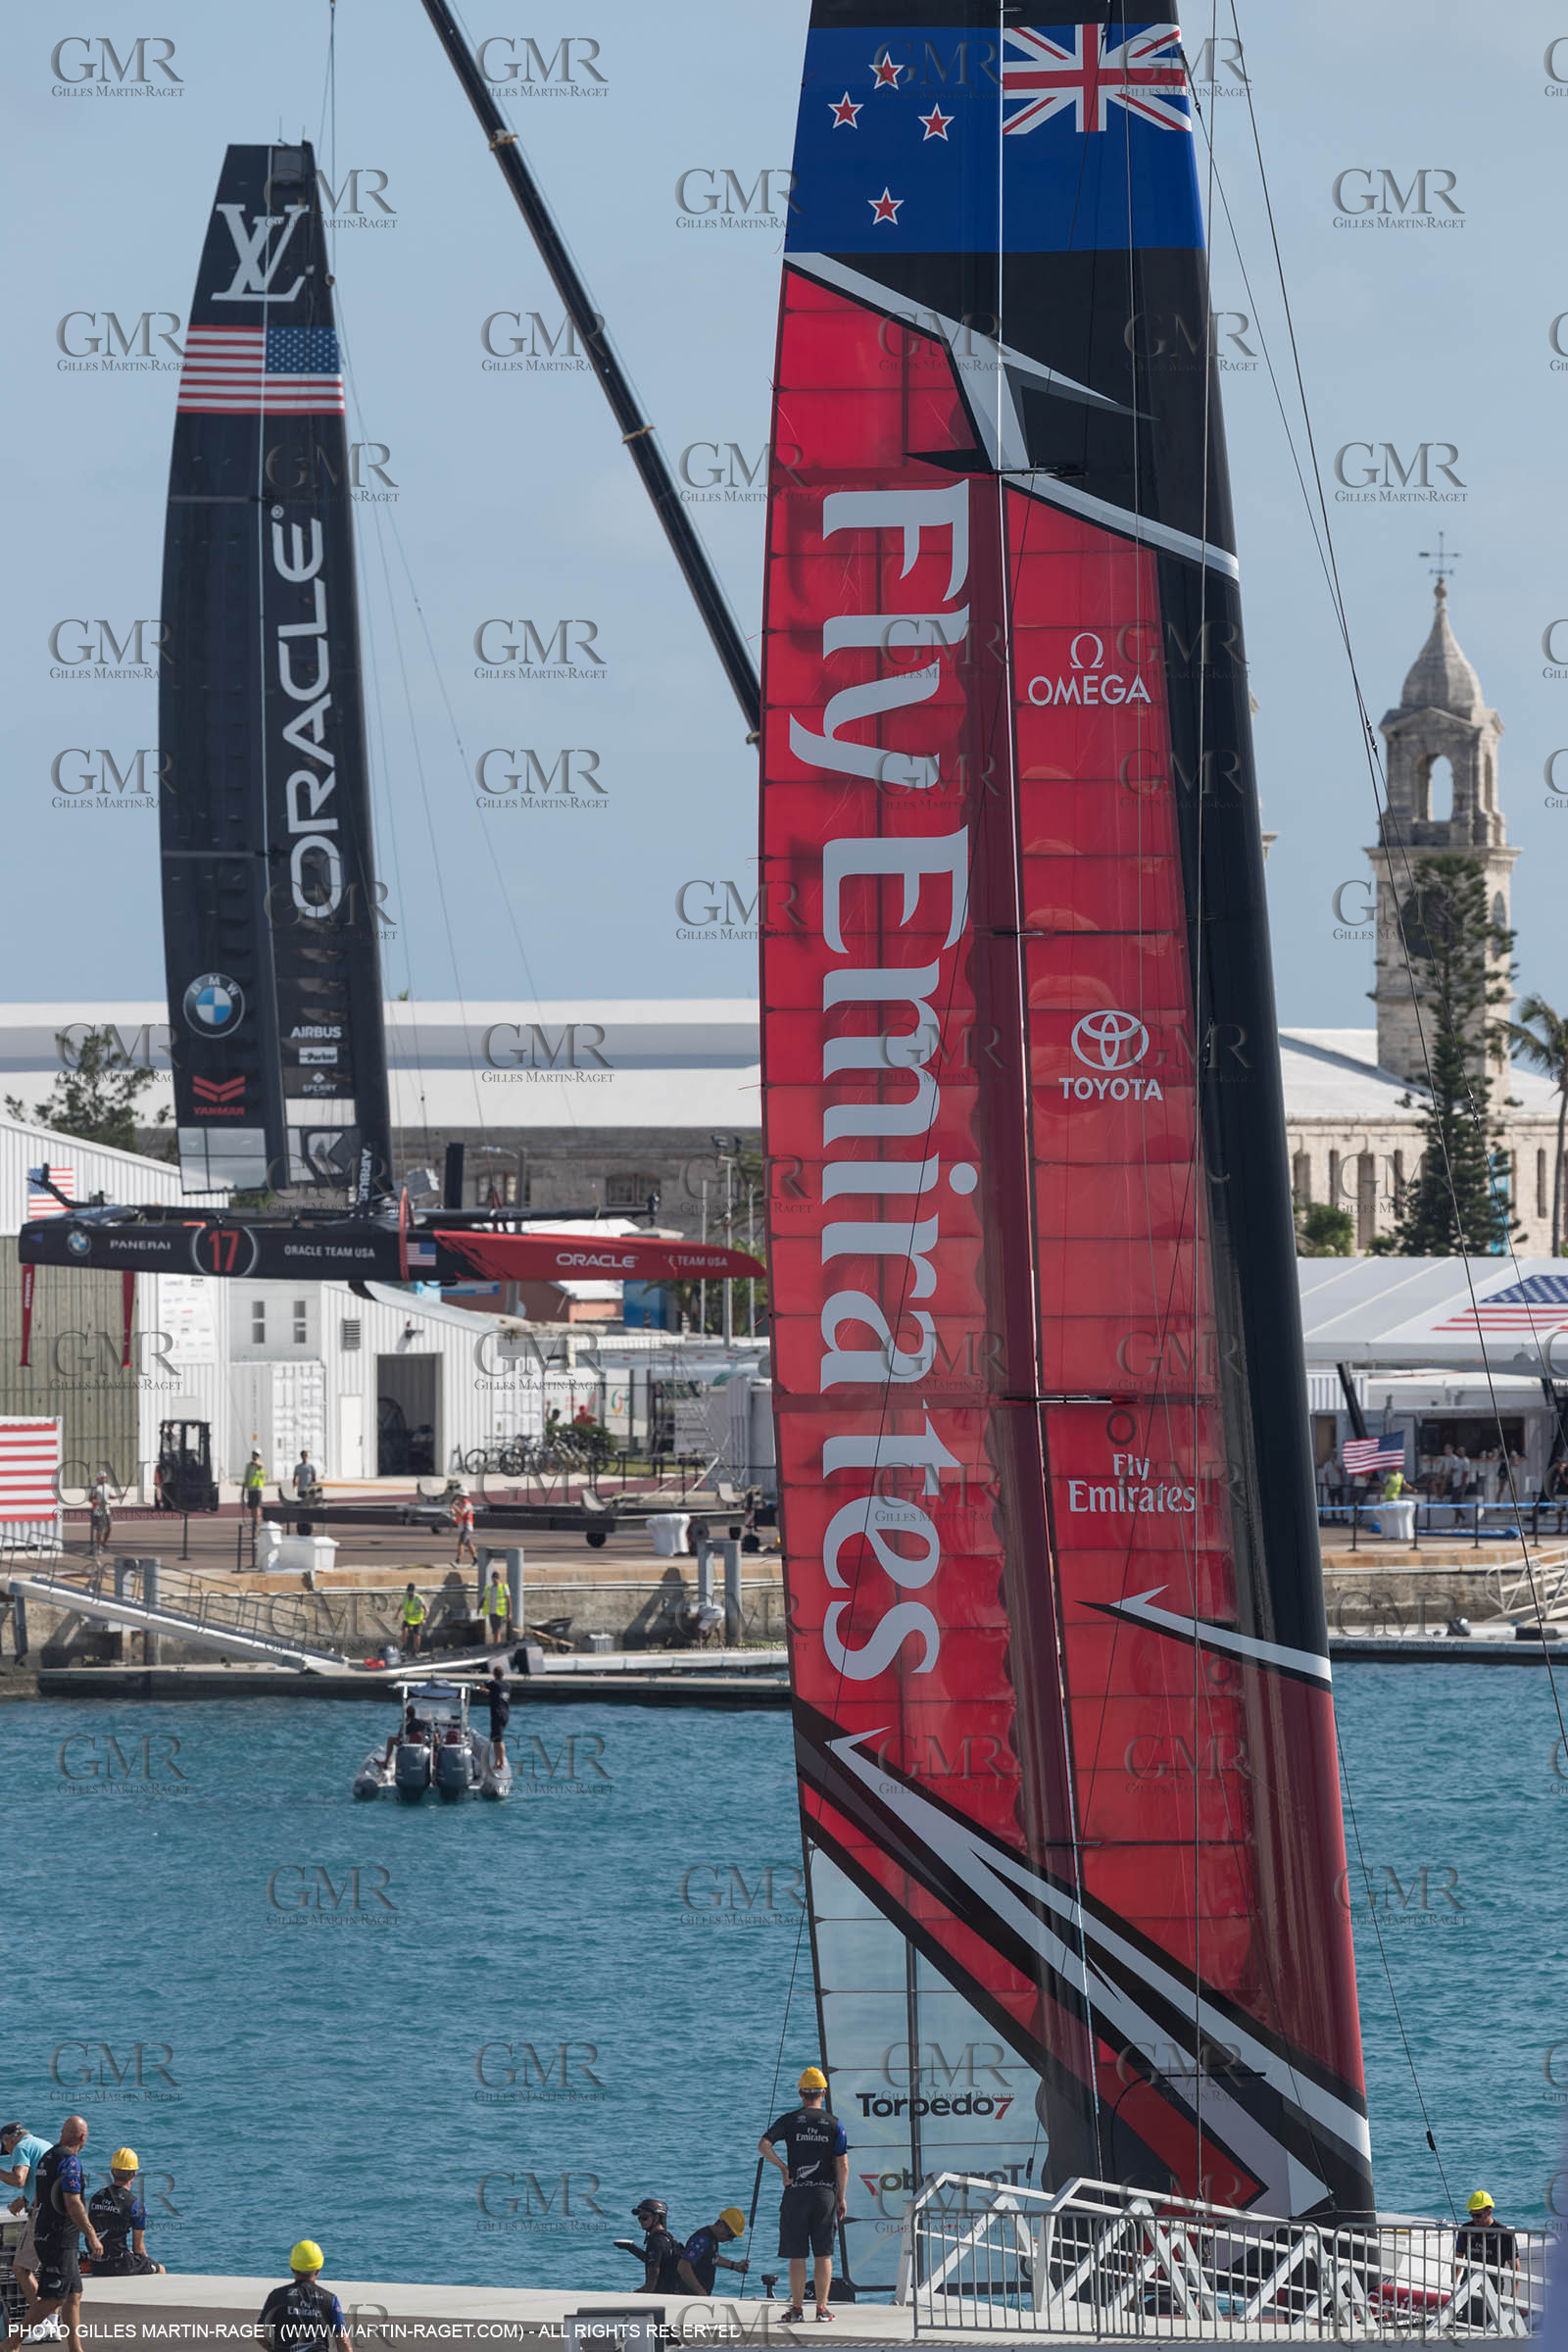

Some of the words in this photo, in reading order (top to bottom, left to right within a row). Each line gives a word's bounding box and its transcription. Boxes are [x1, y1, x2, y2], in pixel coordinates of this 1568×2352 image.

[1028, 674, 1152, 707] OMEGA
[271, 516, 342, 918] ORACLE
[290, 1026, 342, 1038] AIRBUS
[1058, 1076, 1163, 1102] TOYOTA
[359, 1148, 372, 1202] AIRBUS
[109, 1239, 172, 1250] PANERAI
[209, 1230, 239, 1273] 17
[284, 1244, 322, 1256] ORACLE
[324, 1246, 353, 1257] TEAM
[355, 1248, 375, 1258] USA
[556, 1252, 636, 1269] ORACLE
[677, 1255, 706, 1266] TEAM
[708, 1255, 728, 1267] USA
[1113, 1453, 1150, 1482] Fly
[1067, 1478, 1197, 1513] Emirates
[856, 2092, 1015, 2120] Torpedo7
[796, 2133, 829, 2143] Emirates
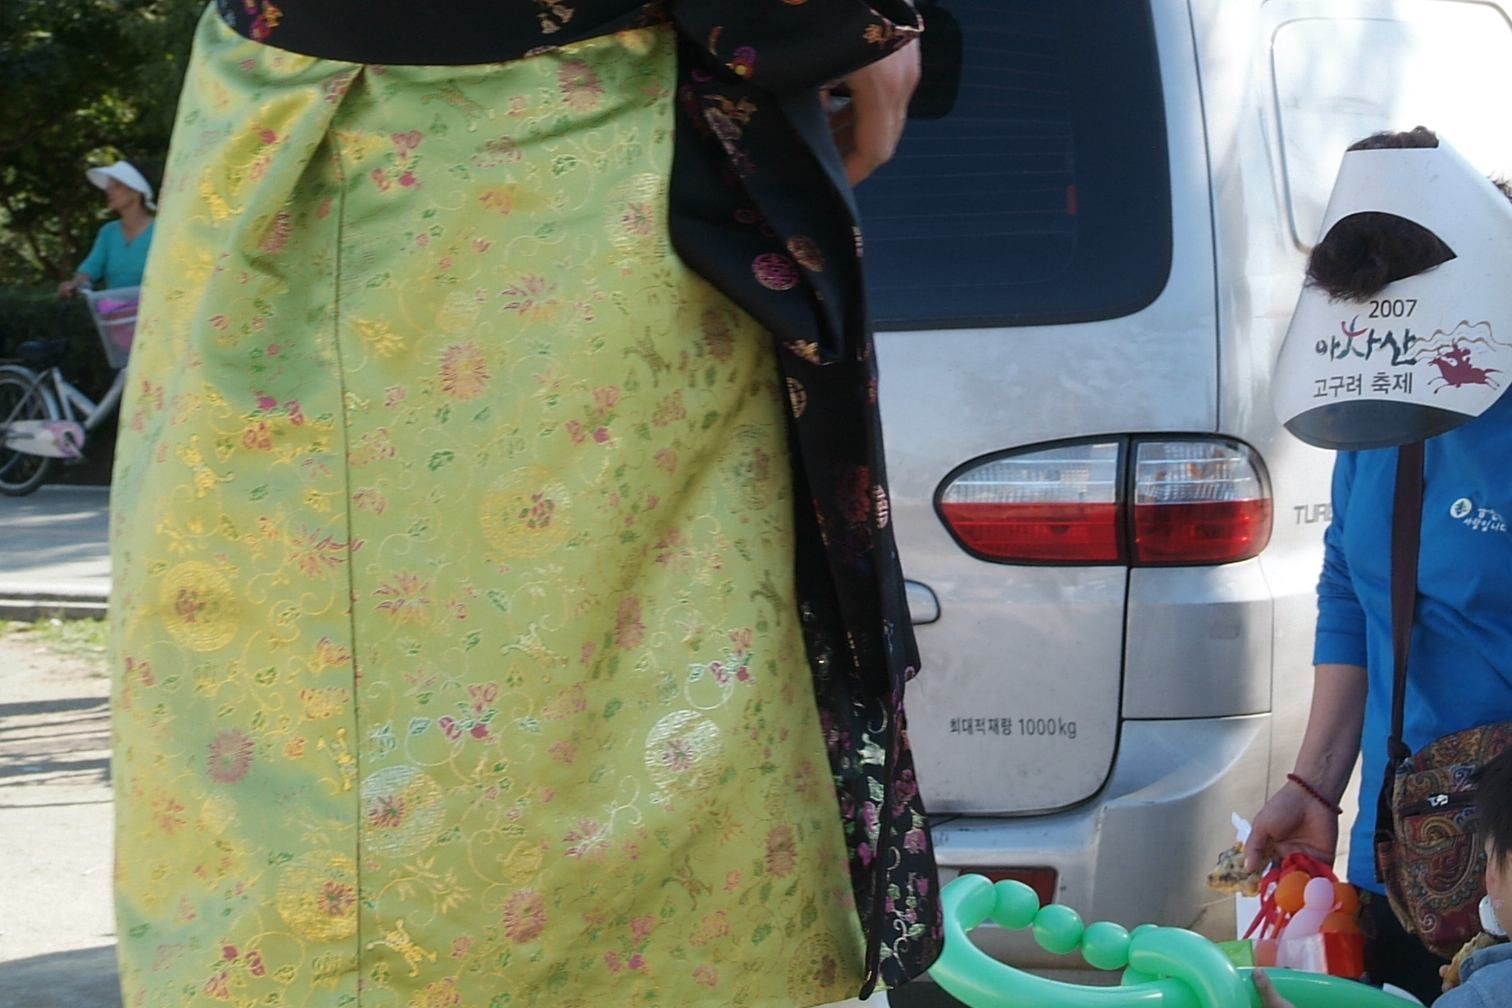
◇ ◇ ◇ ◇ ◇ ◇ ◇
• _What the task asks_
Retype the whole listing exactly. Do not include the pictures.

• _Response area_
Some of the words in this photo, in reading order (top to bottom, left to right within a row). Each line gives a word's bounding box and its transcription. Boxes are [x1, y1, x2, y2], in pixel coordinates of this 1568×2352 image.

[1028, 674, 1152, 707] OMEGA
[271, 516, 342, 918] ORACLE
[290, 1026, 342, 1038] AIRBUS
[1058, 1076, 1163, 1102] TOYOTA
[359, 1148, 372, 1202] AIRBUS
[109, 1239, 172, 1250] PANERAI
[209, 1230, 239, 1273] 17
[284, 1244, 322, 1256] ORACLE
[324, 1246, 353, 1257] TEAM
[355, 1248, 375, 1258] USA
[556, 1252, 636, 1269] ORACLE
[677, 1255, 706, 1266] TEAM
[708, 1255, 728, 1267] USA
[1113, 1453, 1150, 1482] Fly
[1067, 1478, 1197, 1513] Emirates
[856, 2092, 1015, 2120] Torpedo7
[796, 2133, 829, 2143] Emirates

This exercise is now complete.